IN THE CHARACTER OF A LADY; BUT REALLY BY THE SAME HAND.

SIR,

I

I HAVE lately seen a letter upon the subject of white washing, in which that necessary duty of a good house-wife is treated with unmerited ridicule. should probably have forgot the foolish thing by this time; but the season coming on which most women think suitable for cleansing their apartments from smoke and dirt of the winter, I find this saucy author dished up in every family, and his flippant performance quoted wherever a wife attempts to exercise her reasonable prerogative or execute the duties of her station. Women generally employ their time to better purpose than scribbling. The cares and comforts of a family rest principally upon their shoulders; hence it is that there are but few female authors; and the men, knowing how necessary our attentions are to their happiness, take every opportunity of discouraging literary accomplishments in the fair sex.
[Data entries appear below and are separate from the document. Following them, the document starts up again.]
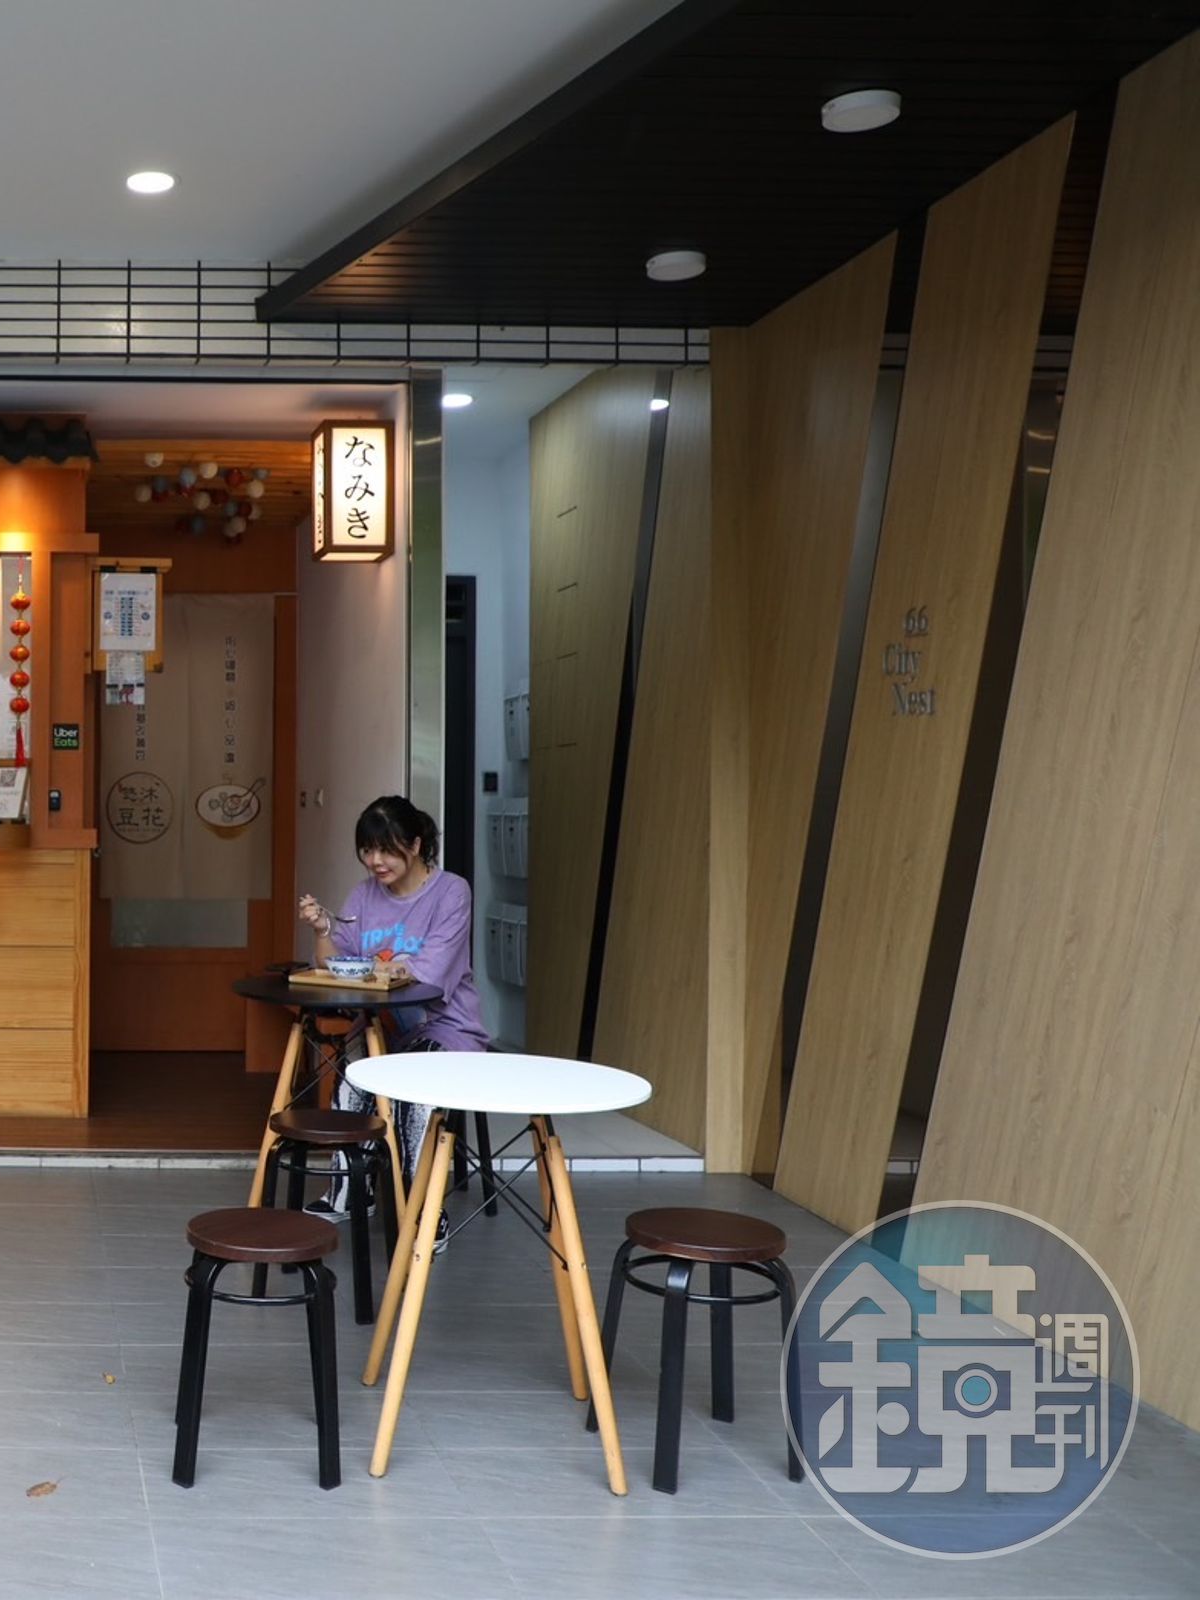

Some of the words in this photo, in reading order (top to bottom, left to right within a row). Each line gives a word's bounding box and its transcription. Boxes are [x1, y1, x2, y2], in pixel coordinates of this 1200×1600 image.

[344, 435, 376, 539] なみき
[904, 605, 929, 633] 66
[882, 642, 921, 683] City
[892, 682, 936, 717] Nest
[54, 727, 78, 738] Uber
[54, 737, 78, 748] Eats
[116, 806, 165, 828] 豆花
You hear it echoed from every quarter-"My wife cannot make verses, it is true; but she makes an excellent pudding; she can't correct the press, but she can correct her children, and scold her servants with admirable discretion: she can't unravel the intricacies of political economy and federal government; but she can knit charming stockings." And this they call praising a wife, and doing justice to her character, with much nonsense of the like kind.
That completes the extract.